Situada entre as Serras do Marão e de Montemuro, na margem direita da ribeira de Teixeira, afluente do rio Douro, é a segunda maior freguesia de Baião. É essencialmente agrícola, onde se produz um dos mais apreciados VINHOS VERDES da região. Gestaçô é uma freguesia portuguesa do Concelho de Baião, com 14,08 km² de área e 1 417 habitantes (2001), densidade de 100,6 hab/km², situada no limite deste
concelho, com Mesão Frio, a 18 km da sede e a 4 km de Santa Marinha do Zêzere.

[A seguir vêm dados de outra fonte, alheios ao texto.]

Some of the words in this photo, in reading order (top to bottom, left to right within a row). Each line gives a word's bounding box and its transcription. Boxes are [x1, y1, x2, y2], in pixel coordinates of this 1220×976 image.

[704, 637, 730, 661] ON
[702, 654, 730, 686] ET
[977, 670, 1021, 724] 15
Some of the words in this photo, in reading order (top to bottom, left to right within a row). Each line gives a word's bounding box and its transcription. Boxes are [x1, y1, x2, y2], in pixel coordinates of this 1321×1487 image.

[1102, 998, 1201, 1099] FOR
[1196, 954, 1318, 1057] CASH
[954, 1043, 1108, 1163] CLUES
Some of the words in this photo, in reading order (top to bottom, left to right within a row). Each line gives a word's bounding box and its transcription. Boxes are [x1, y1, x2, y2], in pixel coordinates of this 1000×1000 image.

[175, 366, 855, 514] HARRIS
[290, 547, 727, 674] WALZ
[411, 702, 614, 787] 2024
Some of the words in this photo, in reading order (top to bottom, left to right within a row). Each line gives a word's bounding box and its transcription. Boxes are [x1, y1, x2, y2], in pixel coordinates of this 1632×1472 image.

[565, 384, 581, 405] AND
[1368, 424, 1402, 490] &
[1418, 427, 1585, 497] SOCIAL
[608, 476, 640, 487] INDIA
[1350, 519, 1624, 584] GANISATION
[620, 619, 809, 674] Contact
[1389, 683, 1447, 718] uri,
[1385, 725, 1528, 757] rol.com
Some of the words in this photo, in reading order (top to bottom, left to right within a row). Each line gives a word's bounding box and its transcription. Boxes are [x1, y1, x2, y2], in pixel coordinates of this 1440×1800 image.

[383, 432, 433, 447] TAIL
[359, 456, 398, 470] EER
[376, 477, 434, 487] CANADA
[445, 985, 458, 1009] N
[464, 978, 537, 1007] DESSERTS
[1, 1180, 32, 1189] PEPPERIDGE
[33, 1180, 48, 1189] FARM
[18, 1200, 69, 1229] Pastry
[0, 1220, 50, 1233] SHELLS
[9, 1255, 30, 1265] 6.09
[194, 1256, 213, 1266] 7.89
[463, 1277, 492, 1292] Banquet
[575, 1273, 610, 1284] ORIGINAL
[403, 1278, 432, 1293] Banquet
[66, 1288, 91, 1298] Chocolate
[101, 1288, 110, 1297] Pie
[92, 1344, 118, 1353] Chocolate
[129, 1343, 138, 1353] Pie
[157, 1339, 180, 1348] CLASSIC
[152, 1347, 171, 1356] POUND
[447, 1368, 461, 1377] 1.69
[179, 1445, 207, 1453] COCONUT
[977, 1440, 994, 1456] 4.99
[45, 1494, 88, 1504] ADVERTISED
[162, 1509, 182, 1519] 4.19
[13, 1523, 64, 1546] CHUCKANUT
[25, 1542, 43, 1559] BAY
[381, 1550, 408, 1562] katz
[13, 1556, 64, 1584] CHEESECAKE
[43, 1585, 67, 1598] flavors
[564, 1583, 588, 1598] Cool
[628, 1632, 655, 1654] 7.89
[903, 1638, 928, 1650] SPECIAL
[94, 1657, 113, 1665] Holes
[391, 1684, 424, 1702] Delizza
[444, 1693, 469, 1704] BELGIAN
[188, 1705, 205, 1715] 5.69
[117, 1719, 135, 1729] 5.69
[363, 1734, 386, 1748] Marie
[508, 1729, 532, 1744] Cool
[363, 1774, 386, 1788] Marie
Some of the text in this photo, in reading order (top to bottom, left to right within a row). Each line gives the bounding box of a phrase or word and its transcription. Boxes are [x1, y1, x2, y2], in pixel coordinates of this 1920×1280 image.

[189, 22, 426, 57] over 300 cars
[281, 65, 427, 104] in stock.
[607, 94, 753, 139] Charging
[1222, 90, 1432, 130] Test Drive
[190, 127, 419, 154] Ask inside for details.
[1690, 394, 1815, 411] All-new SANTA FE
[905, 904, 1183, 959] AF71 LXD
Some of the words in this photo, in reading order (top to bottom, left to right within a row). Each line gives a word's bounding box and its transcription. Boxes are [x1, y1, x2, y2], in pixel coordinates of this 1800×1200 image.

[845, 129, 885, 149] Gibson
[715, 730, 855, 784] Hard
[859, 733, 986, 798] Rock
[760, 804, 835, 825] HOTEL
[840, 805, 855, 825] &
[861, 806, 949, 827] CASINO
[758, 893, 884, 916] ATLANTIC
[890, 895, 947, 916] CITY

É servida pela Estrada Nacional 304-3 e dispõe de uma carreira regular de transportes públicos e de uma praça de táxis
O topónimo deriva do termo “giesta”, do latim “genesta”, que registou uma grande evolução fonética ao longo dos séculos. O território é referenciado, na documentação oficial, desde meados do século X, numa doação de 959, em que se cita o lugar de “Genataciolo”, mas o seu povoamento primitivo é muito anterior a essa data. O conjunto de moedas, em bronze, da época romana, encontradas em 1885 nas suas terras, comprova este facto histórico. Desde o século XII, pelo menos, que a paróquia de “Sam Johanne de Jestaçô” esteve integrada no arcediago de Baião e na circunscrição administrativa do mesmo nome, a terra de Baião, sob cuja administração se manteve até meados do século XVII. No senso realizado em 1798, urge, pela primeira vez, a designação “São João do Campo de Gestaçô”. Gestaçô orgulha-se das personalidades que, tendo nascido ou vivido no seio das suas terras, deram o seu importante contributo para o desenvolvimento do país e para o bem-estar da sua população, de que é exemplo o escritor Soeiro Pereira Gomes. Este autor, que alcançou, um lugar de relevo no panorama literário nacional, com a obra Esteiros, foi agraciado pelos habitantes locais com a colocação, à entrada da freguesia, de um monumento que o homenageia. A imagem de marca desta freguesia são as famosas bengalas feitas artesanalmente, e únicas no país.